Exact statistics are elusive: Crop seizures are usually reported in metrics such as the number of crop hectares, the number of plants or the weight of dried marijuana seized, which do not equate directly from crop to crop and require guesswork to compare quantities. For example, yield weight can range from a few ounces to more than 2.2 kilograms (5 pounds) per plant for outdoor crops. Variables such as yield, growth rate and cultivation requirements can also cloud estimates, so the amount of marijuana produced by one hectacre of crops can vary vastly from another.  
However, according to the National Drug Threat Assessment in 2011, authorities estimated that 12,000 hectares (nearly 30,000 acres) in Mexico had been potentially cultivated for marijuana as of 2008, which would yield approximately 21,500 metric tons. Overall production in Mexico surged from an estimated 5,600 hectares in 2005 to 17,500 hectares in 2009. In July 2011, Mexican federal authorities seized a 120-hectare marijuana field in Baja California, the largest such bust by Mexican authorities in history, which would have yielded an estimated 120 metric tons of marijuana (as stated, the seizure comparisons are inexact due to metric variables).
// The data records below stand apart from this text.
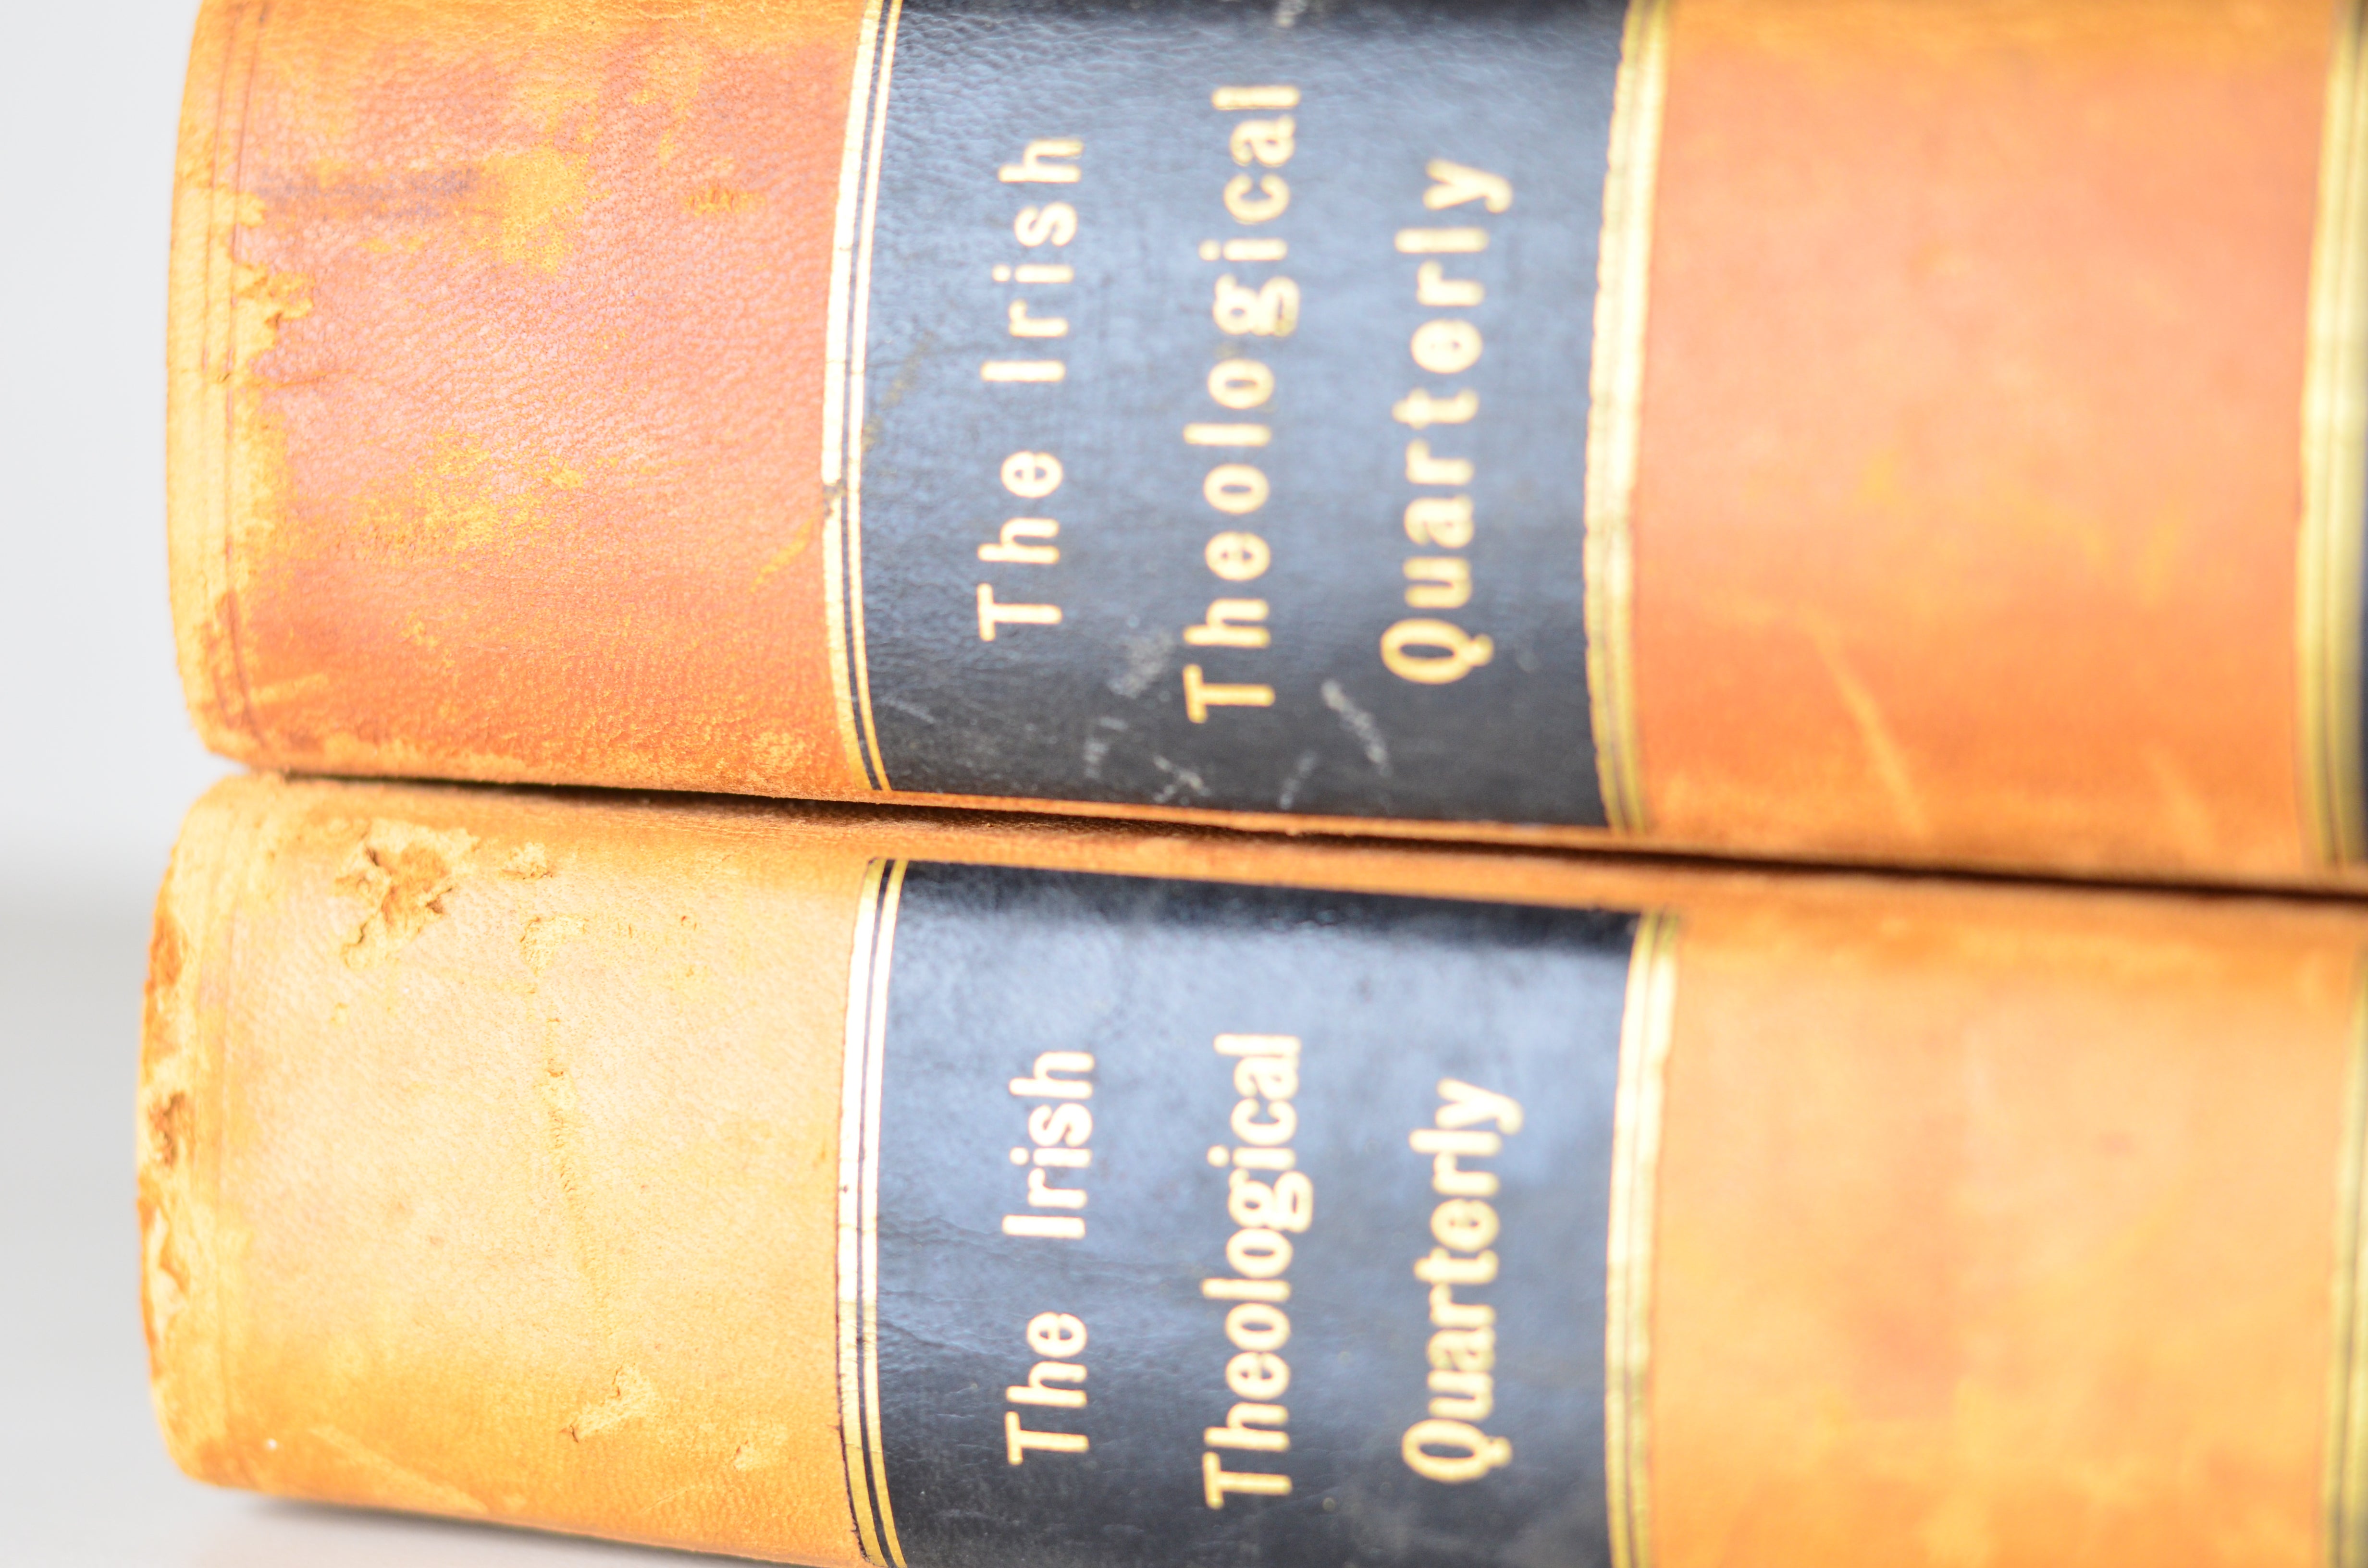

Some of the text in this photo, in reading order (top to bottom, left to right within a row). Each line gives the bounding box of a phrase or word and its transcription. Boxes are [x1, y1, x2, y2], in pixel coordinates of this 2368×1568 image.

[977, 138, 1084, 642] The Irish
[1182, 85, 1301, 723] Theological
[1380, 158, 1513, 685] Quarterly
[1002, 1051, 1095, 1465] The Irish
[1199, 1033, 1314, 1509] Theological
[1402, 1078, 1524, 1483] Quarterly
However, the Mexican cartels are not alone in benefiting from the ease of marijuana cultivation. Whereas limits on heroin production make it easier for Mexican criminal organizations to dominate the U.S. market, marijuana resists such control.

U.S. Competition

U.S. domestic production of marijuana is booming. U.S. cannabis plant seizures increased from 4,209,086 plants in 2005 to 10,329,185 in 2010, including 462,419 plants seized from indoor crops, according to the Department of Justice. Unlike the more condensed fields common in Mexico, illicit outdoor cannabis crops in the United States are typically spread out in wooded areas (including U.S. national forests) for the sake of concealment from authorities. Estimates suggest that U.S. producers grow between 200 and 1,600 plants per hectare, which would mean that between 6,455 and 51,645 hectares were seized in 2010. This indicates that production in the United States is comparable to production in Mexico.
U.S. production will likely increase due to both demand and the relaxing of U.S. marijuana laws. While both possessing and cultivating marijuana are illegal at the federal level, several states have enacted laws allowing marijuana use and growth by individuals for certain medical conditions. In 1996, California passed the Compassionate Use Act, which protects individuals who grow and use marijuana under supervision from medical doctors. Since then, additional states have passed similar laws.  
Cartels such as La Familia Michoacana are reportedly invested in U.S. marijuana production. The prevalence of this is unknown, although Gil Kerlikowske, the director of the White House Office of National Drug Control Policy, said in December 2011 that cartel production is "disproportionate" to other producers. But one effect of legalization could be that the cartels would simply find it more cost-effective to shift marijuana production to the United States.
Still, for the cartels, competition lowers the profitability of marijuana. Production costs approximately $165 per kilogram, while wholesale value in the United States varies from $1,100 to $13,000 per kilogram, depending on quality. These margins are far lower than those of cocaine, meth or heroin. By comparison, in 2009, the street value of meth ranged from $19,720 to $87,717 per kilogram. To make similar profits with marijuana, the cartels would have to produce higher volumes of the drug, so instead they focus on the production of other drugs.
Due to the inherent production and street value variables, it is difficult to estimate revenues from marijuana and discern exactly how much the cartels rely on the drug in comparison to meth, heroin and cocaine. But marijuana will continue to play a central role in cartel activities, despite its limitations as a cash crop.